Kelli, Piper, and Melissa nodded in agreement.

“None of that’s true,” I said, trying to stop myself from dumping their untouched plates over their heads.

“Oh, it’s okay, sweetie,” Josie said in a nauseating voice. “You’re not the first. He sees women as conquests. He’s irresistible when he puts on the charm. I should know.”

None of what they had said made any sense. The man they were describing was nothing like Noah. And what did Josie mean by ‘I should know’?

I shook my head. “Everything you’ve heard or think you know about Noah and me is bullshit. He’s my boss and also my friend. For the record, he never once laid a finger on me.” That part was a lie, but if I told them he’d kissed me, by Monday morning the kiss would have turned into us having crazy monkey sex on the boardroom table.

Madison tilted her head. “Maybe if you wore something other than hooded sweatshirts and jeans, he would.”

I actually thought that maybe these women could be my work friends. No chance. They were rude, mean, nasty, and nosey.

I balled up my napkin and set it on the table as calmly as I could. I then grabbed my bag, took out some cash, and placed it on the table. “This should cover my share.”

Without a backward glance, I strode out of the restaurant with my head held high.

I didn’t allow my tears to fall until I was in my car. I hit my palms against the steering wheel and screamed at the sky.

I was used to being talked about. I got it. I was weird and quiet, and people often confused that with being standoffish and stuck up, but I was neither of those things. My shyness was about self-preservation and protection.

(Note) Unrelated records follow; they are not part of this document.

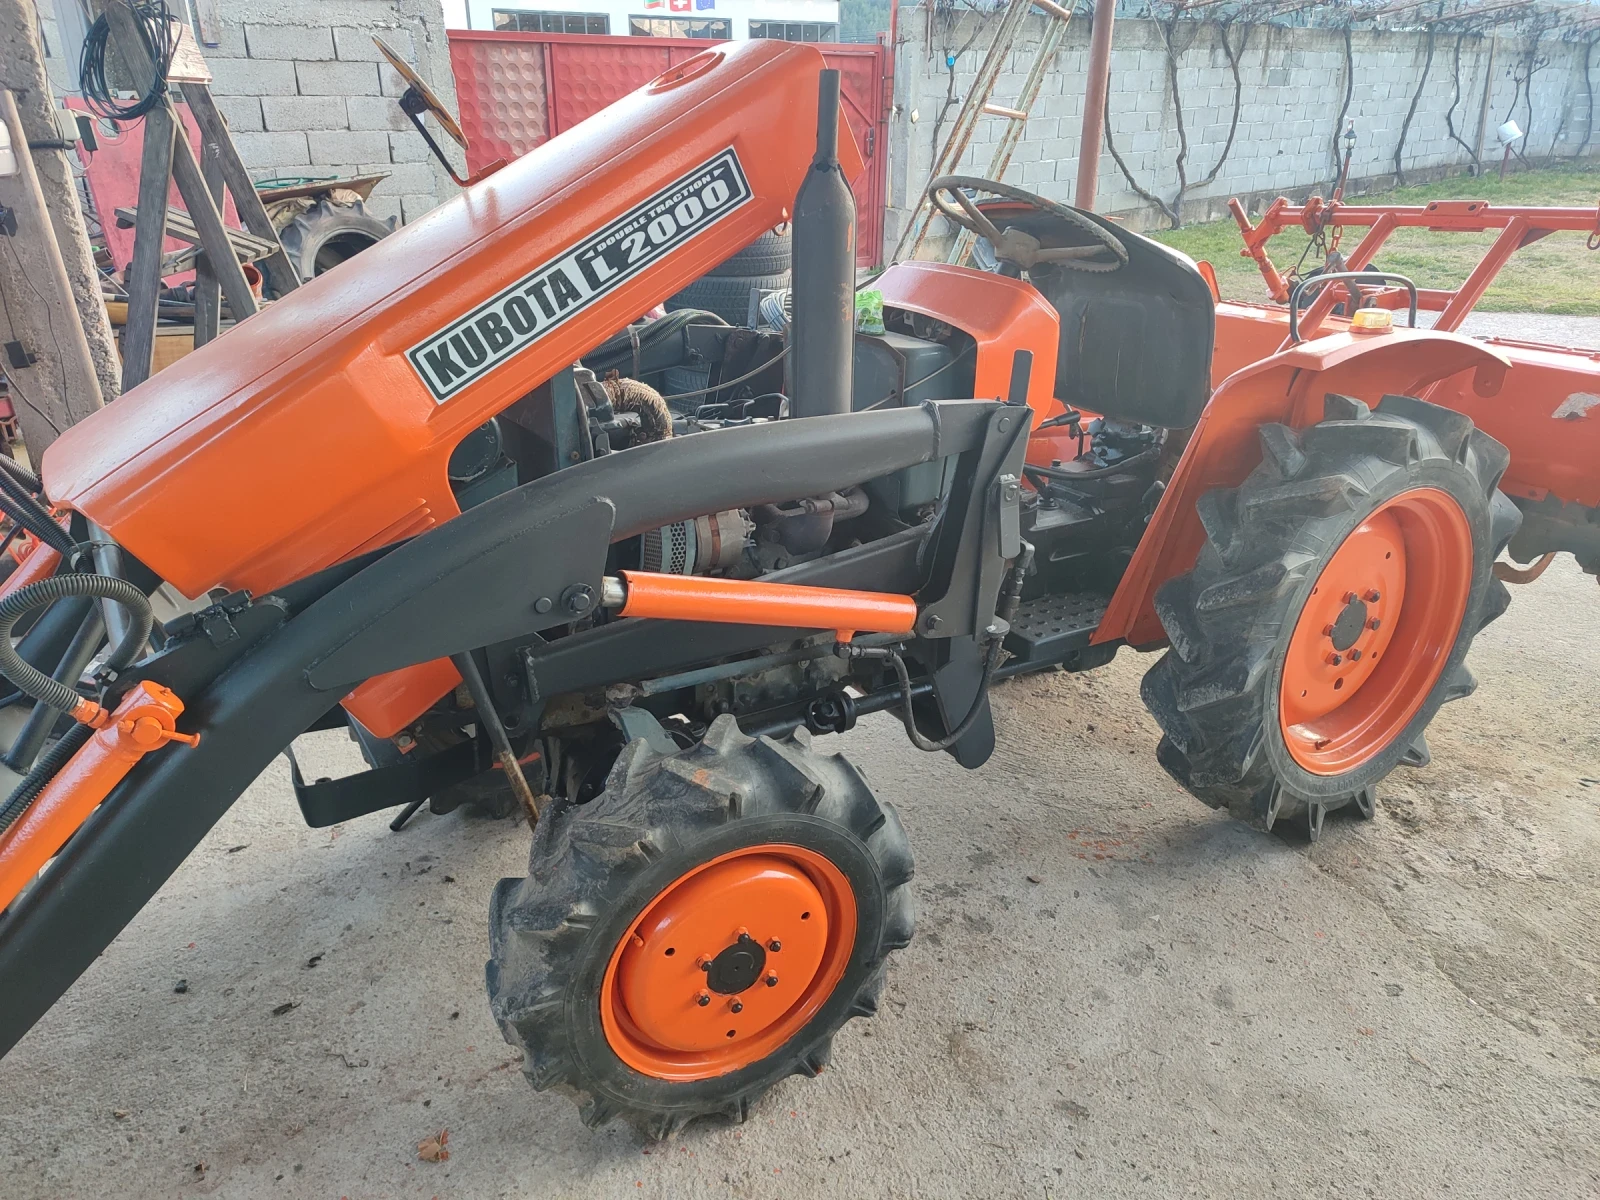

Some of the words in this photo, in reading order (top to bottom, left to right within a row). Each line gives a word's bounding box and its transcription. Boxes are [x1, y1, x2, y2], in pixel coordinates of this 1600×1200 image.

[423, 268, 583, 388] KUBOTA
[590, 255, 619, 283] L
[620, 179, 730, 265] 2000
[596, 215, 648, 253] DOUBLE
[647, 174, 712, 218] TRACTION

Every time I opened up to someone, I always ended up getting hurt and rejected.

That was one of the many reasons I’d stopped returning Noah’s calls and had blanked him at work.

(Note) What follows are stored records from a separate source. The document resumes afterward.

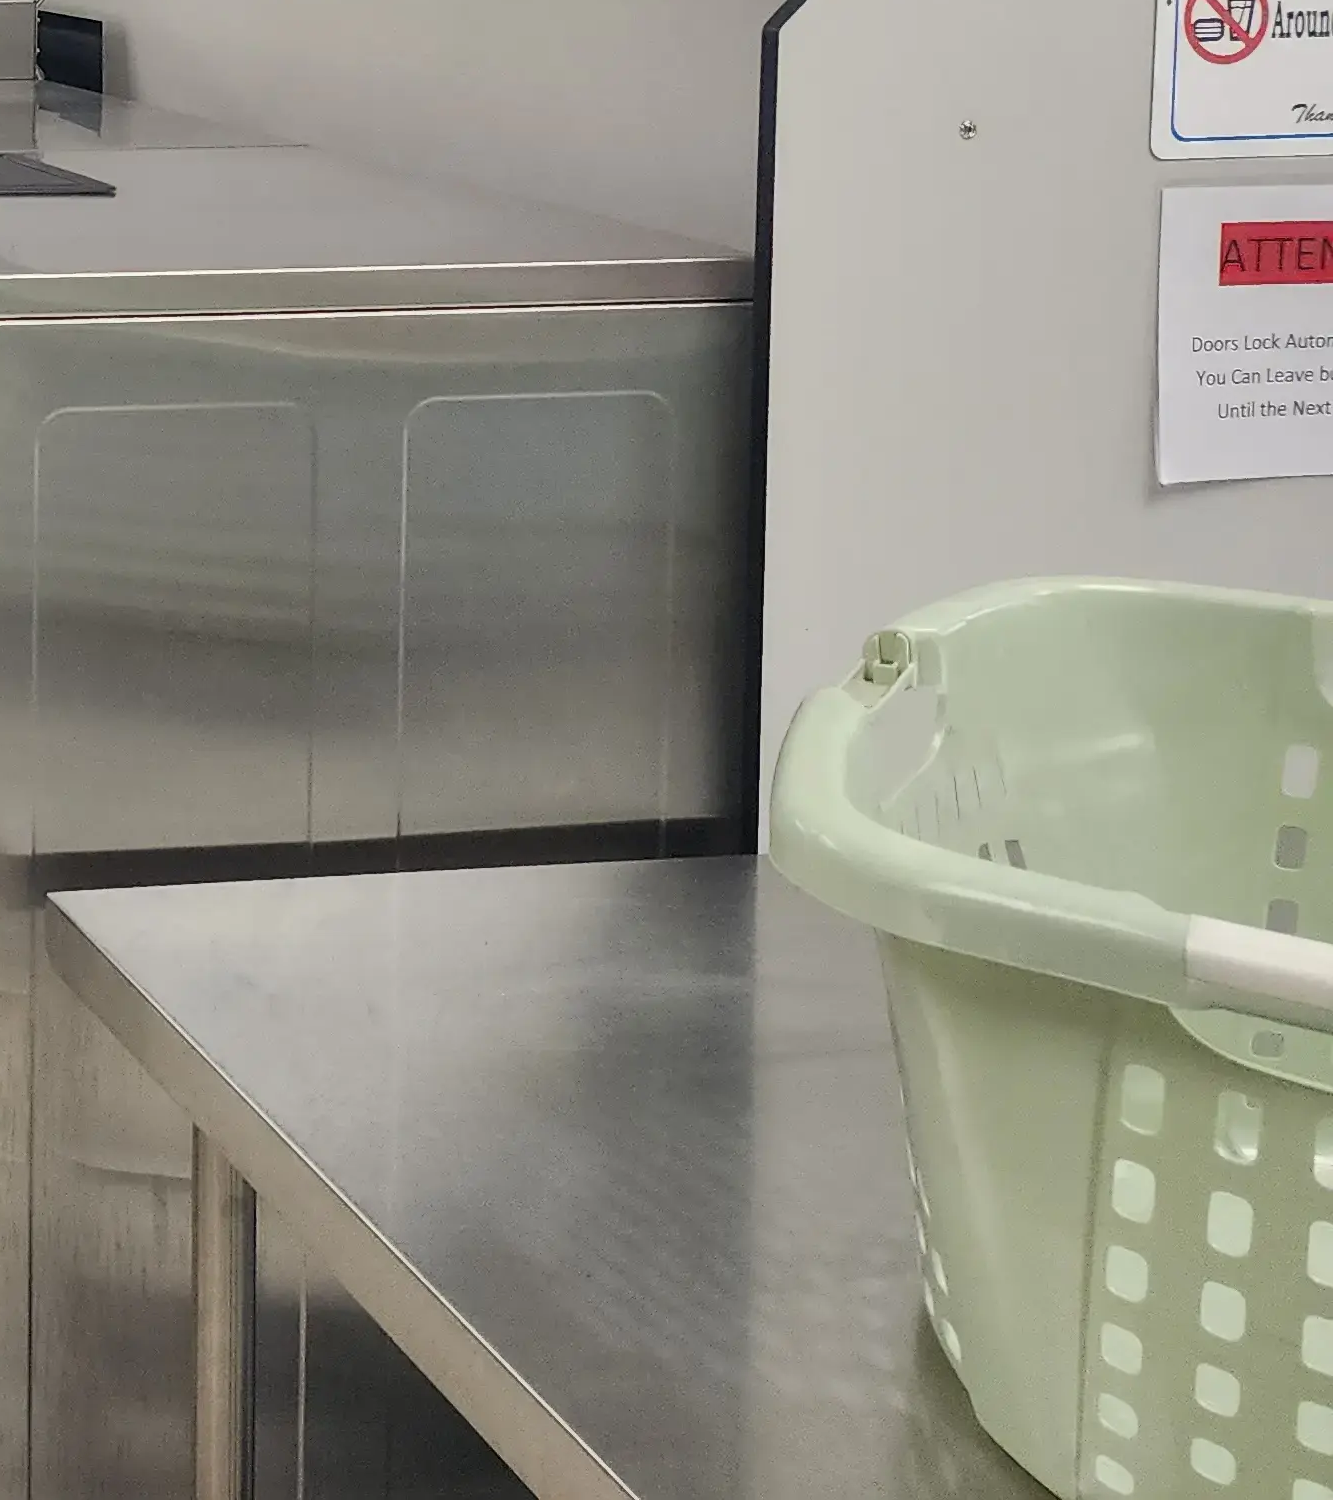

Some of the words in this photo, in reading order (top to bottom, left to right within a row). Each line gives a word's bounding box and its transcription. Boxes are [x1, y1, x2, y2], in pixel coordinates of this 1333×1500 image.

[1271, 0, 1333, 39] Aroun
[1192, 336, 1238, 353] Doors
[1244, 333, 1281, 351] Lock
[1196, 369, 1226, 387] You
[1232, 368, 1261, 385] Can
[1266, 367, 1314, 383] Leave
[1217, 401, 1255, 419] Until
[1260, 400, 1287, 417] the
[1293, 400, 1332, 416] Next
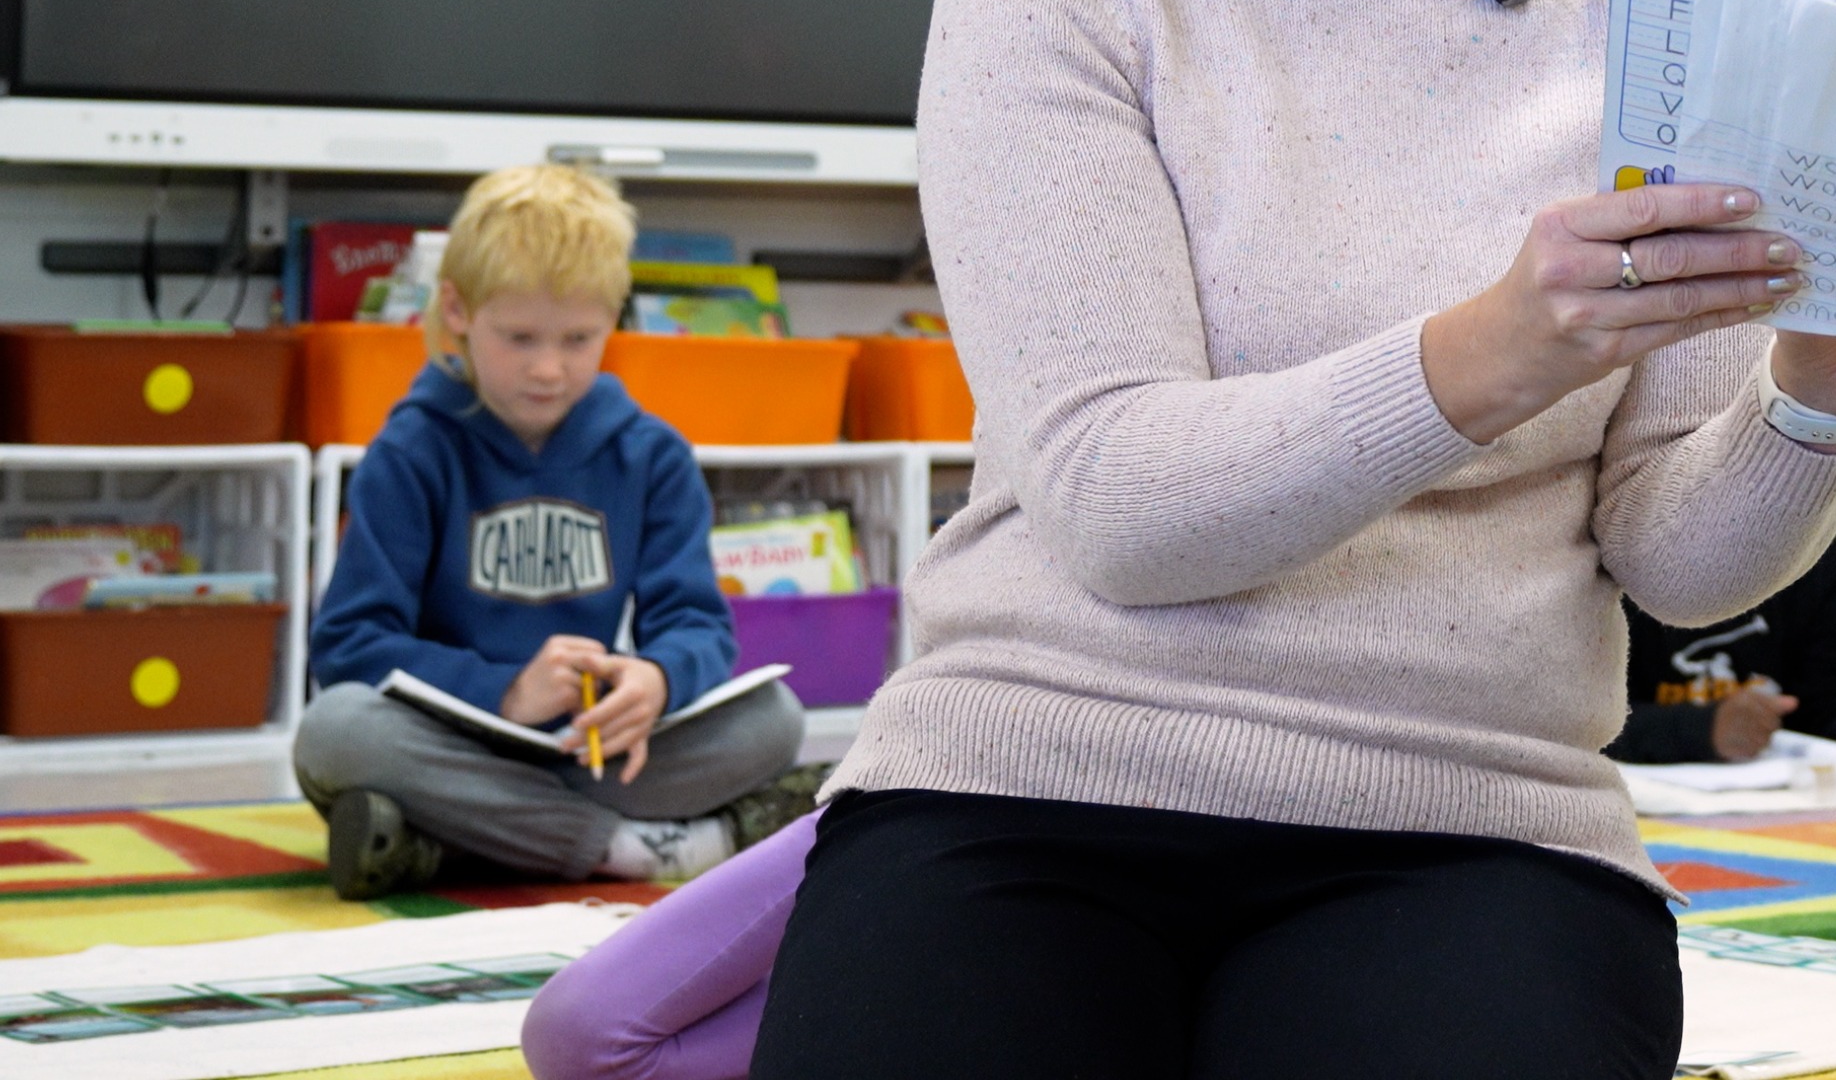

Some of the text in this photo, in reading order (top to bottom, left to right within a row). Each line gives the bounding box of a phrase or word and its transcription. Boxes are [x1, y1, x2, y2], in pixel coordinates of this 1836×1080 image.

[1666, 29, 1685, 55] L
[1662, 62, 1687, 87] Q
[1660, 91, 1684, 116] V

Every day, I replayed our kiss in my head, and images of him invaded my thoughts morning, noon, and night, but I couldn’t go there.

 

When I reached my apartment building, I balled my fists and hit them off my thighs. I was stupid to think those women could be my friends. And I was stupid to have allowed myself to fall for Noah. Being by myself was the best thing for my heart and my sanity.

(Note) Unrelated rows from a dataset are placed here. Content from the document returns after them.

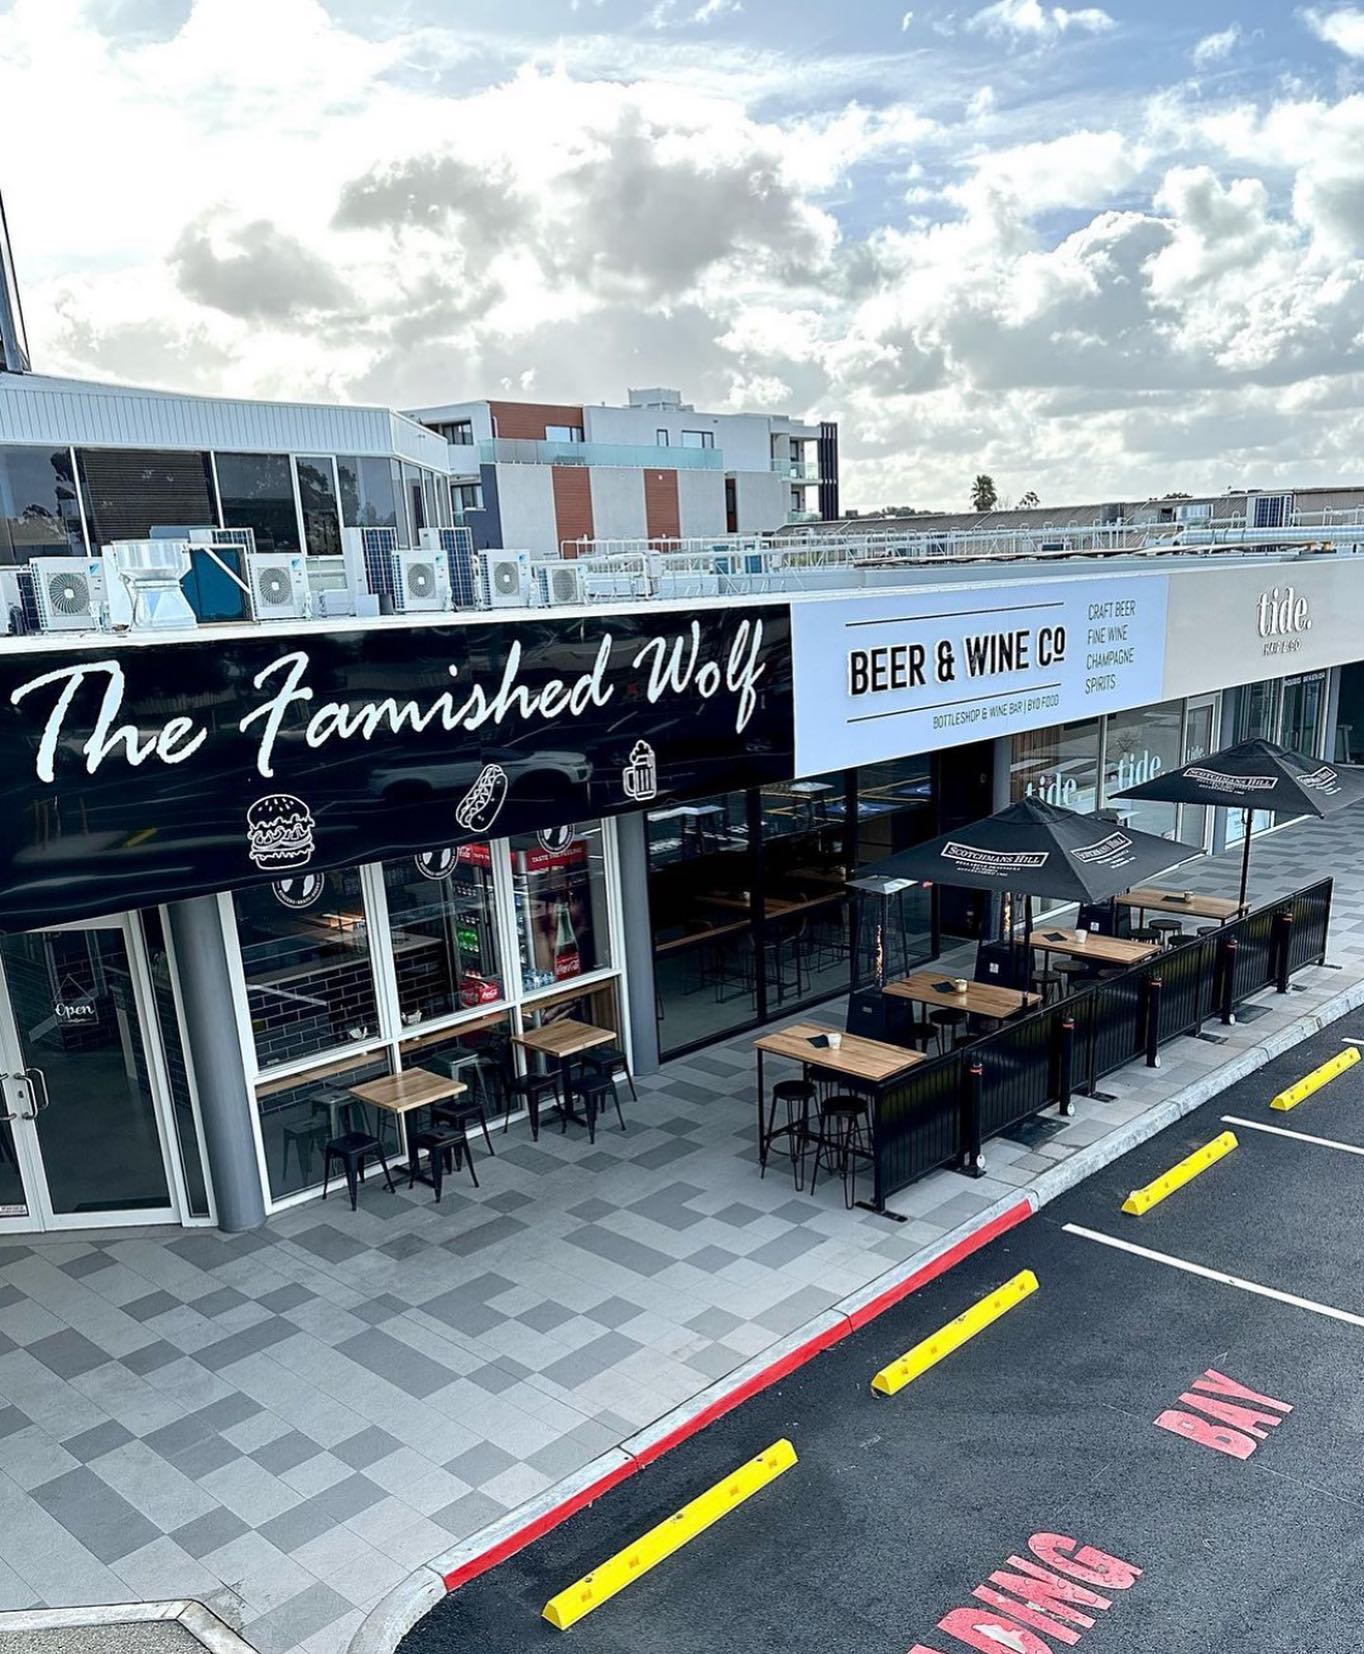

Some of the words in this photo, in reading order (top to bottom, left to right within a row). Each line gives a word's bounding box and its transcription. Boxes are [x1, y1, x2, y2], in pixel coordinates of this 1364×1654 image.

[1088, 602, 1114, 620] CRAFT
[1115, 600, 1136, 617] BEER
[1257, 587, 1312, 637] tide.
[1088, 627, 1106, 645] FINE
[1108, 624, 1128, 641] WINE
[850, 644, 927, 696] BEER
[937, 640, 955, 683] &
[965, 629, 1030, 678] WINE
[1086, 647, 1135, 670] CHAMPAGNE
[1085, 674, 1116, 694] SPIRITS
[10, 659, 207, 783] The
[239, 634, 614, 778] Famished
[632, 618, 766, 734] Wolf
[933, 708, 981, 729] BOTTLESHOP
[982, 707, 988, 720] &
[990, 704, 1008, 718] WINE
[1009, 701, 1022, 715] BAR
[1027, 697, 1041, 712] BYO
[1042, 694, 1060, 708] FOOD
[948, 846, 1014, 863] SCOTCHMANS
[1013, 855, 1041, 864] HILL
[55, 1002, 95, 1019] Open
[907, 1531, 1145, 1654] DING
[1152, 1368, 1294, 1460] BAY

Once I stepped out of my car, I saw him standing by his truck, and my heart thumped against my ribcage so hard I thought it might break through and jump over to him.

After the shitty night I’d had, I wanted to fall into his arms and tell him about Josie and ask what had happened between them. I wanted to tell him that the watercooler gossip was out of control, but I didn’t do either of those things. Instead, I stood by my car fiddling with my keys, watching him.